┌──
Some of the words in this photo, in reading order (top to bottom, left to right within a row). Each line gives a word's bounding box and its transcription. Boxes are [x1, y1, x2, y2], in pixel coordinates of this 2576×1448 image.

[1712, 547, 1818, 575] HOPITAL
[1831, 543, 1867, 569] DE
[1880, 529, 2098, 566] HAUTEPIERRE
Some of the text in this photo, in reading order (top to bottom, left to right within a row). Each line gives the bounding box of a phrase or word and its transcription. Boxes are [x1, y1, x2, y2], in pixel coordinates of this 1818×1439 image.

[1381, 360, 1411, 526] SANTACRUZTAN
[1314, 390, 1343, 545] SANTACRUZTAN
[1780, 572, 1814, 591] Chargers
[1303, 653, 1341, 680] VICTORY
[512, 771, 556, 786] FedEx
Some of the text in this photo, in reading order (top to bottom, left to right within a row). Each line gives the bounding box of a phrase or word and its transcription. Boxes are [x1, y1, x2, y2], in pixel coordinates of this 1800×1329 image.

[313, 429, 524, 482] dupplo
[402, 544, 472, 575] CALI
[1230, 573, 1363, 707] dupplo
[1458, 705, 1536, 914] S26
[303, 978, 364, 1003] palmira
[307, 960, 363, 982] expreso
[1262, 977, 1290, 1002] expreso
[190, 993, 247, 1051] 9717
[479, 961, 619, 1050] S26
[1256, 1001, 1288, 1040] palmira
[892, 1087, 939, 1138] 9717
└──
→ Required action
Exactly reproduce the lines of the data above that run from the line containing "this 1818×1439 image." through the final one.

→ Task output
Some of the text in this photo, in reading order (top to bottom, left to right within a row). Each line gives the bounding box of a phrase or word and its transcription. Boxes are [x1, y1, x2, y2], in pixel coordinates of this 1818×1439 image.

[1381, 360, 1411, 526] SANTACRUZTAN
[1314, 390, 1343, 545] SANTACRUZTAN
[1780, 572, 1814, 591] Chargers
[1303, 653, 1341, 680] VICTORY
[512, 771, 556, 786] FedEx
Some of the text in this photo, in reading order (top to bottom, left to right within a row). Each line gives the bounding box of a phrase or word and its transcription. Boxes are [x1, y1, x2, y2], in pixel coordinates of this 1800×1329 image.

[313, 429, 524, 482] dupplo
[402, 544, 472, 575] CALI
[1230, 573, 1363, 707] dupplo
[1458, 705, 1536, 914] S26
[303, 978, 364, 1003] palmira
[307, 960, 363, 982] expreso
[1262, 977, 1290, 1002] expreso
[190, 993, 247, 1051] 9717
[479, 961, 619, 1050] S26
[1256, 1001, 1288, 1040] palmira
[892, 1087, 939, 1138] 9717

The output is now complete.